**EXERCISE INSTRUCTIONS:** Return each line of the data below exactly, omitting any pictures.

**EXERCISE MATERIALS:**
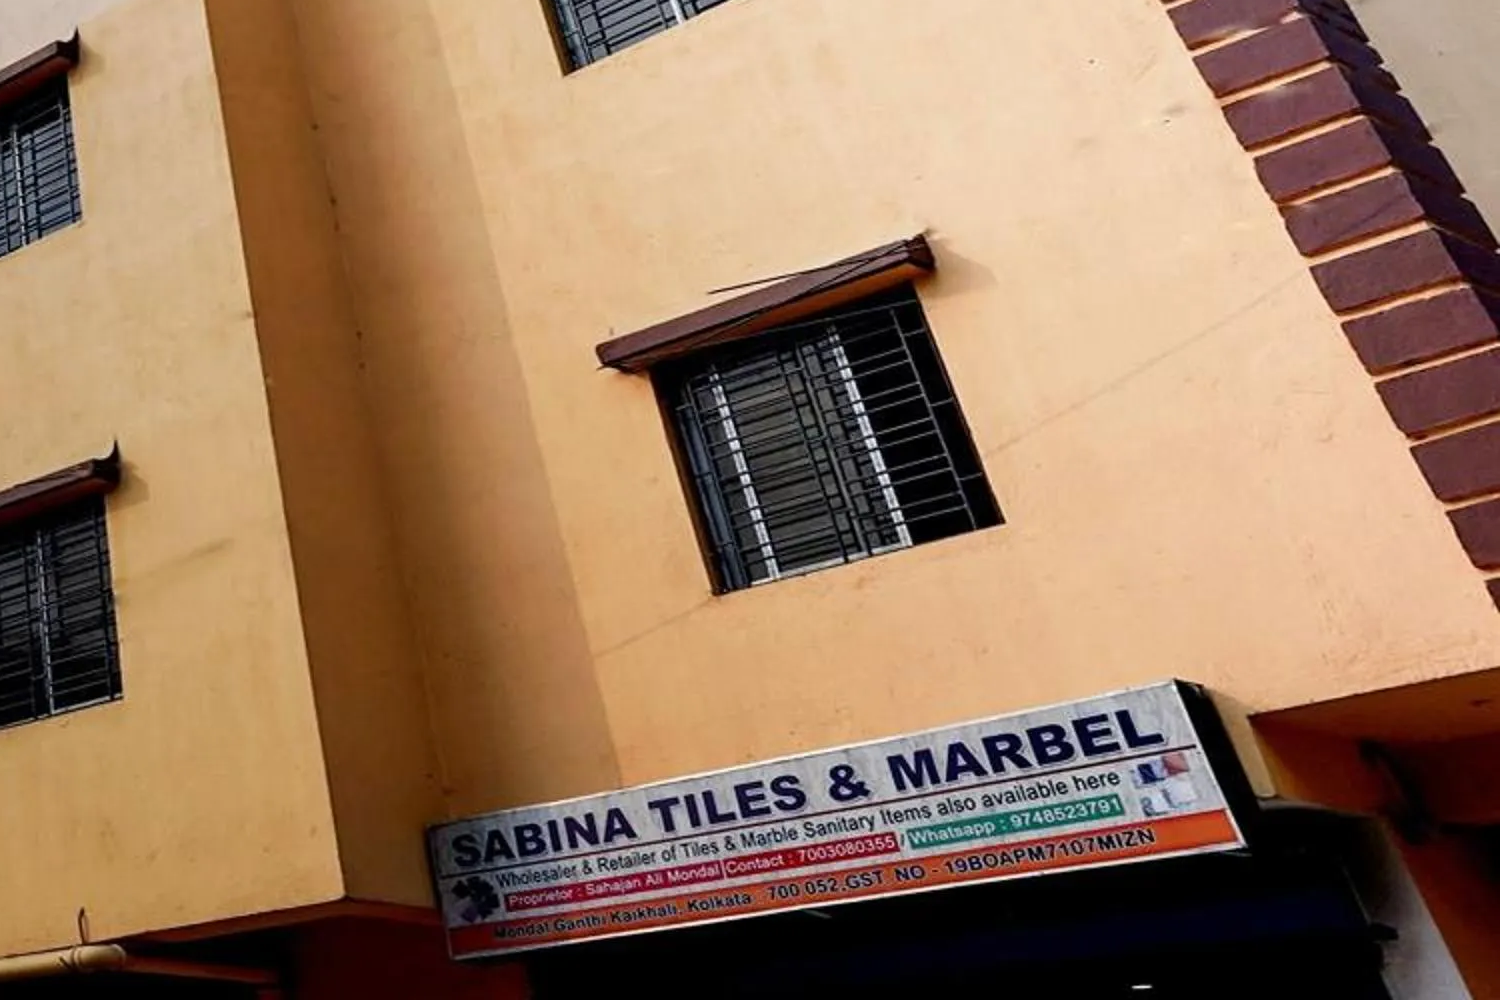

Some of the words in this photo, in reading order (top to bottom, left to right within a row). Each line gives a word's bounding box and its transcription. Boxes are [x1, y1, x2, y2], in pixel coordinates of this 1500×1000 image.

[451, 808, 637, 867] SABINA
[648, 774, 807, 833] TILES
[828, 764, 871, 802] &
[886, 709, 1165, 792] MARBEL
[495, 863, 577, 888] Wholesaler
[583, 860, 594, 876] &
[597, 849, 656, 873] Retailer
[662, 844, 677, 862] of
[680, 838, 720, 859] Tiles
[724, 834, 736, 851] &
[740, 826, 799, 850] Marble
[804, 813, 876, 838] Sanitary
[880, 804, 931, 826] Items
[937, 799, 976, 816] also
[982, 779, 1069, 808] available
[1073, 770, 1121, 792] here
[509, 887, 573, 906] Proprietor
[586, 876, 641, 896] Sahajan
[645, 873, 663, 888] Ali
[667, 864, 721, 883] Mondal
[726, 855, 785, 875] Contact
[798, 835, 896, 862] 7003080355
[909, 821, 997, 845] Whatsapp
[1010, 796, 1122, 829] 9748523791
[687, 893, 752, 912] Kolkata
[768, 883, 800, 900] 700
[895, 865, 925, 881] NO
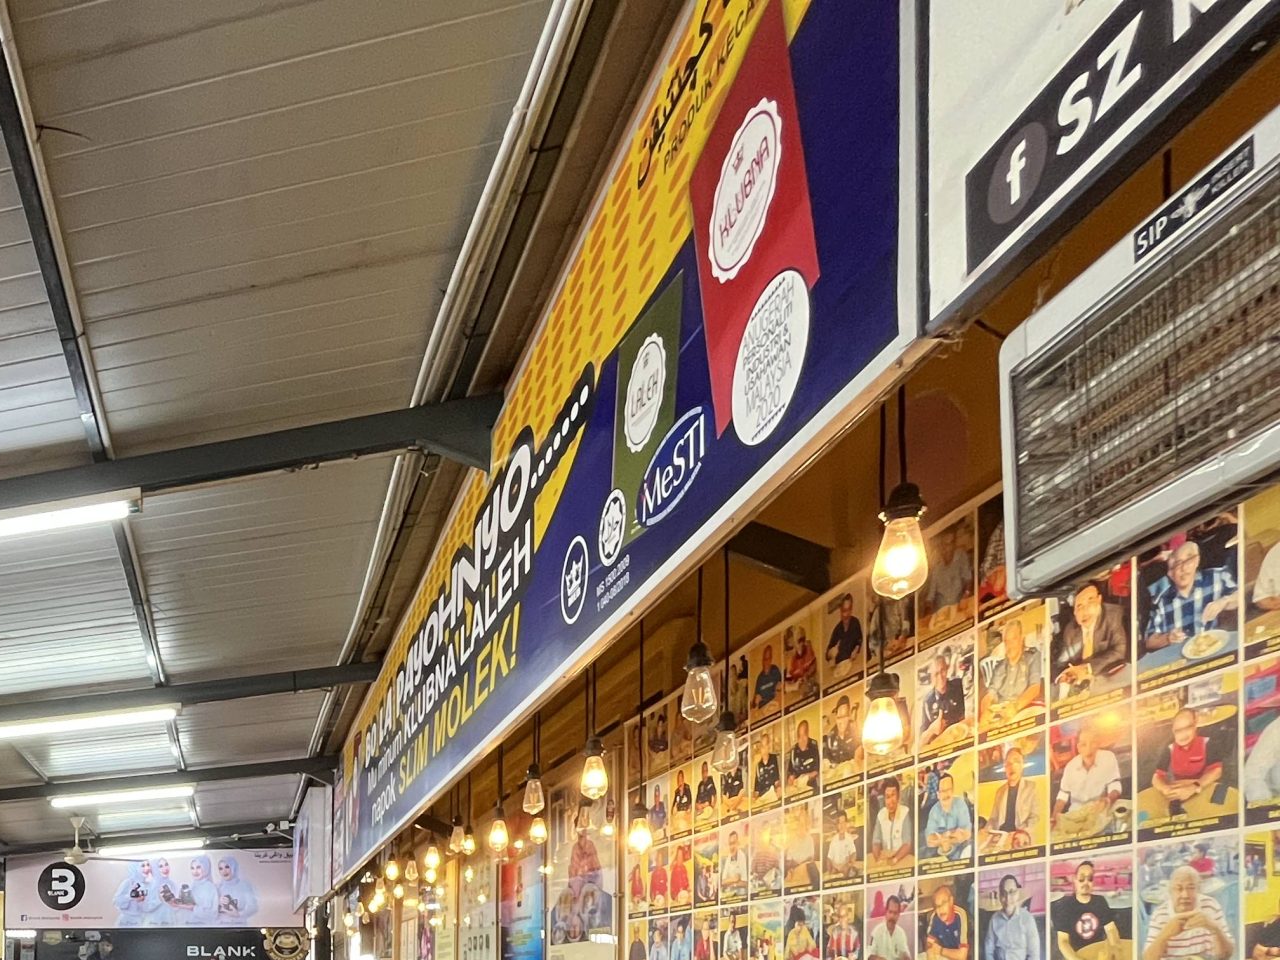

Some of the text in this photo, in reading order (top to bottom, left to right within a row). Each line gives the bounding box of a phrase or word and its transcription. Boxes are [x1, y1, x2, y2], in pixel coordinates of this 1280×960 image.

[664, 73, 712, 174] PRODUK
[1056, 9, 1144, 156] SZ
[719, 136, 770, 247] KLUBNA
[1136, 215, 1168, 256] SIP
[631, 368, 659, 418] LALEH
[642, 413, 705, 522] MeSTI
[404, 642, 457, 745] KLUBNA
[460, 518, 532, 667] LALEH
[398, 724, 429, 795] SLIM
[432, 602, 520, 757] MOLEK!
[186, 945, 256, 957] BLANK

**REPLY:**
Some of the words in this photo, in reading order (top to bottom, left to right within a row). Each line gives a word's bounding box and its transcription. Boxes are [x1, y1, x2, y2], in pixel coordinates of this 1500×1000 image.

[451, 808, 637, 867] SABINA
[648, 774, 807, 833] TILES
[828, 764, 871, 802] &
[886, 709, 1165, 792] MARBEL
[495, 863, 577, 888] Wholesaler
[583, 860, 594, 876] &
[597, 849, 656, 873] Retailer
[662, 844, 677, 862] of
[680, 838, 720, 859] Tiles
[724, 834, 736, 851] &
[740, 826, 799, 850] Marble
[804, 813, 876, 838] Sanitary
[880, 804, 931, 826] Items
[937, 799, 976, 816] also
[982, 779, 1069, 808] available
[1073, 770, 1121, 792] here
[509, 887, 573, 906] Proprietor
[586, 876, 641, 896] Sahajan
[645, 873, 663, 888] Ali
[667, 864, 721, 883] Mondal
[726, 855, 785, 875] Contact
[798, 835, 896, 862] 7003080355
[909, 821, 997, 845] Whatsapp
[1010, 796, 1122, 829] 9748523791
[687, 893, 752, 912] Kolkata
[768, 883, 800, 900] 700
[895, 865, 925, 881] NO

Some of the text in this photo, in reading order (top to bottom, left to right within a row). Each line gives the bounding box of a phrase or word and its transcription. Boxes are [x1, y1, x2, y2], in pixel coordinates of this 1280×960 image.

[664, 73, 712, 174] PRODUK
[1056, 9, 1144, 156] SZ
[719, 136, 770, 247] KLUBNA
[1136, 215, 1168, 256] SIP
[631, 368, 659, 418] LALEH
[642, 413, 705, 522] MeSTI
[404, 642, 457, 745] KLUBNA
[460, 518, 532, 667] LALEH
[398, 724, 429, 795] SLIM
[432, 602, 520, 757] MOLEK!
[186, 945, 256, 957] BLANK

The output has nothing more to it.